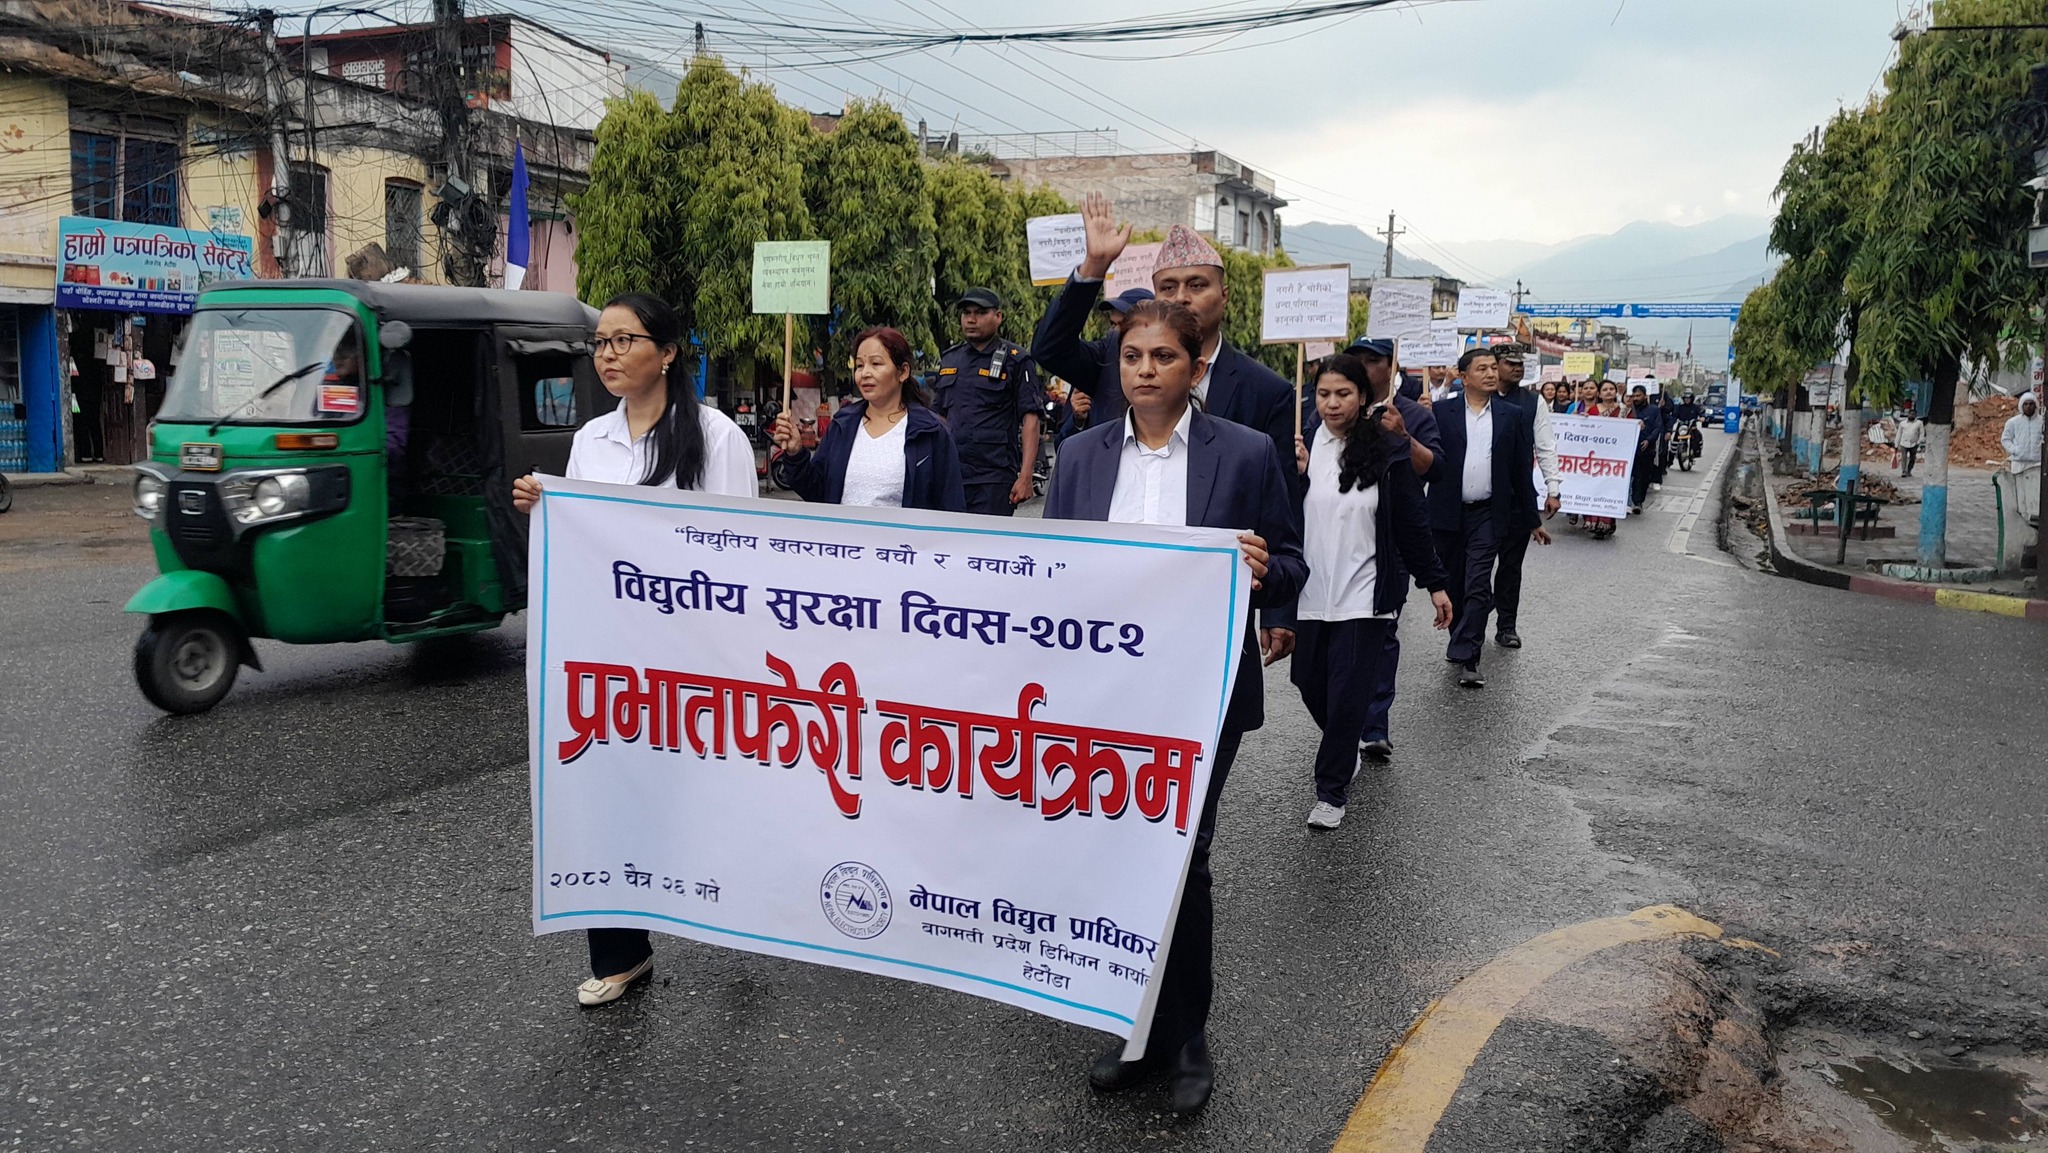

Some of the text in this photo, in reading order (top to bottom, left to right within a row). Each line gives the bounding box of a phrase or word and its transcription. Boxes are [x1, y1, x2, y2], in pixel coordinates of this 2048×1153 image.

[64, 229, 247, 275] हाम्रो पत्रपत्रिका सेन्टर
[1557, 450, 1628, 478] कार्यक्रम
[769, 537, 865, 560] खतराबाट
[933, 552, 951, 570] र
[612, 560, 1145, 657] विद्युतीय सुरक्षा दिवस-२०८२
[558, 650, 1203, 837] प्रभातफेरी कार्यक्रम
[550, 863, 721, 903] २०८२ चैत्र २६ गते
[909, 884, 982, 919] नेपाल
[992, 898, 1057, 934] विद्युत
[992, 933, 1032, 953] प्रदेश
[1040, 939, 1101, 971] डिभिजन
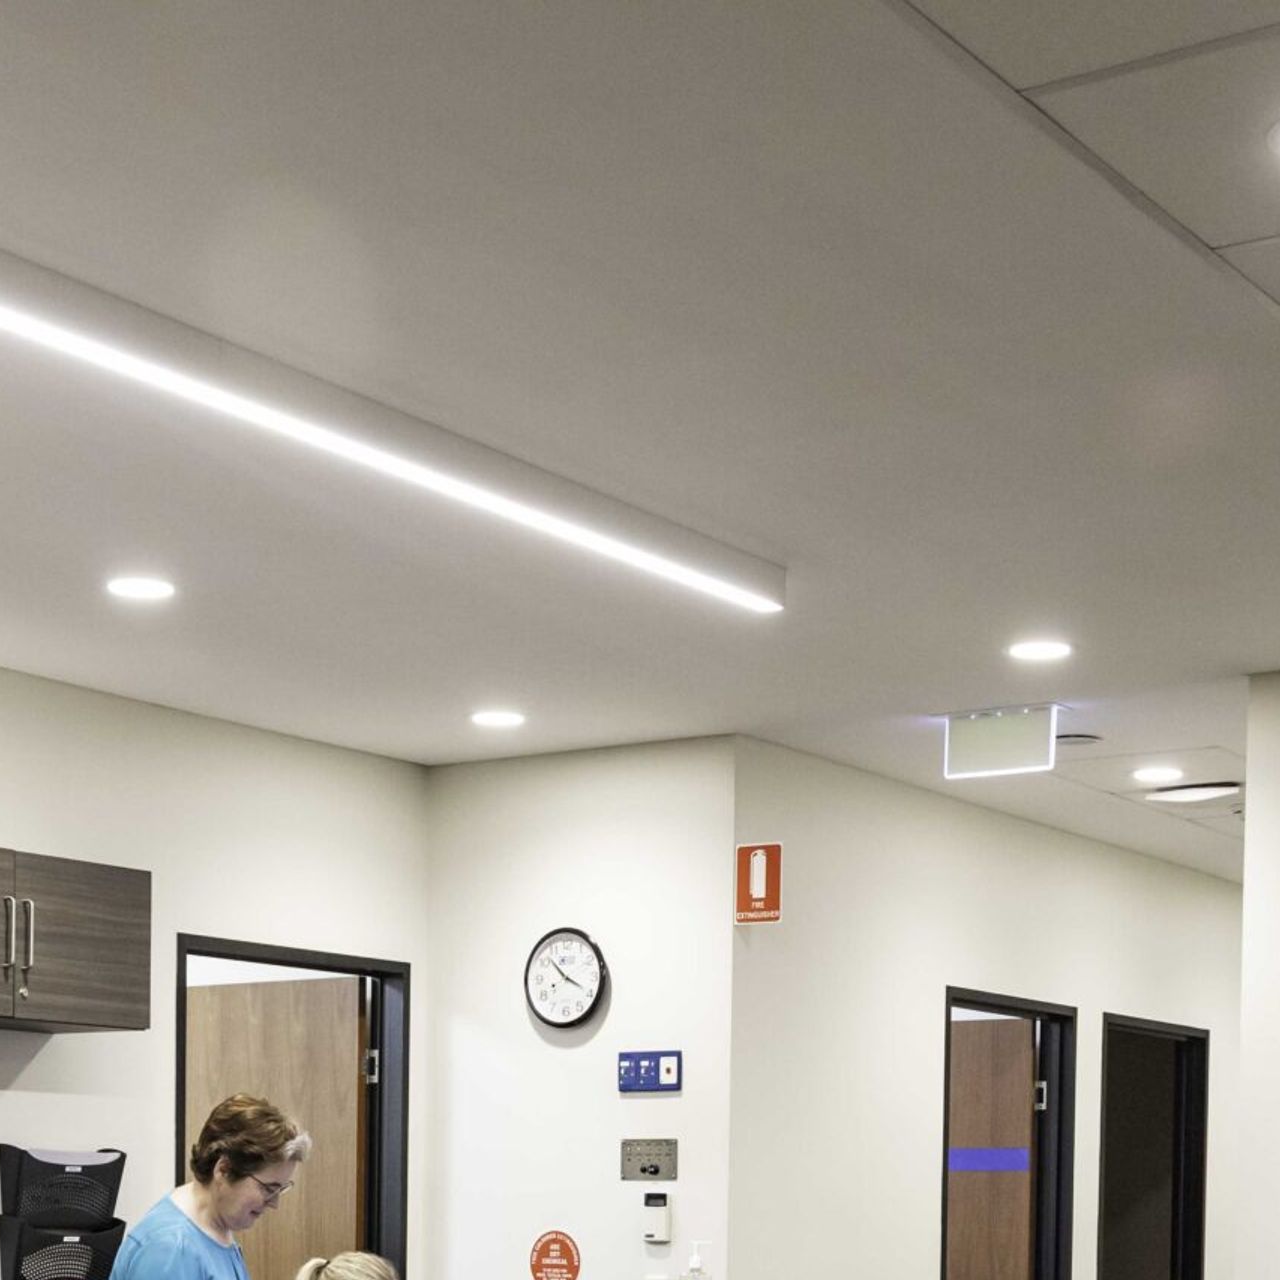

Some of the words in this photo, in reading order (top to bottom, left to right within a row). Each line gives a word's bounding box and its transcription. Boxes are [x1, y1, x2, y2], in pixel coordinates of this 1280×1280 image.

[751, 900, 765, 909] FIRE
[737, 910, 780, 919] EXTINGUISHER
[586, 988, 594, 998] 4
[562, 1005, 571, 1017] 6
[575, 1000, 585, 1012] 5

————————

For each record above, write out every line exactly and skip the pictures.

Some of the text in this photo, in reading order (top to bottom, left to right within a row). Each line gives the bounding box of a phrase or word and its transcription. Boxes are [x1, y1, x2, y2], in pixel coordinates of this 2048×1153 image.

[64, 229, 247, 275] हाम्रो पत्रपत्रिका सेन्टर
[1557, 450, 1628, 478] कार्यक्रम
[769, 537, 865, 560] खतराबाट
[933, 552, 951, 570] र
[612, 560, 1145, 657] विद्युतीय सुरक्षा दिवस-२०८२
[558, 650, 1203, 837] प्रभातफेरी कार्यक्रम
[550, 863, 721, 903] २०८२ चैत्र २६ गते
[909, 884, 982, 919] नेपाल
[992, 898, 1057, 934] विद्युत
[992, 933, 1032, 953] प्रदेश
[1040, 939, 1101, 971] डिभिजन

Some of the words in this photo, in reading order (top to bottom, left to right within a row). Each line gives a word's bounding box and its transcription. Boxes are [x1, y1, x2, y2], in pixel coordinates of this 1280×1280 image.

[751, 900, 765, 909] FIRE
[737, 910, 780, 919] EXTINGUISHER
[586, 988, 594, 998] 4
[562, 1005, 571, 1017] 6
[575, 1000, 585, 1012] 5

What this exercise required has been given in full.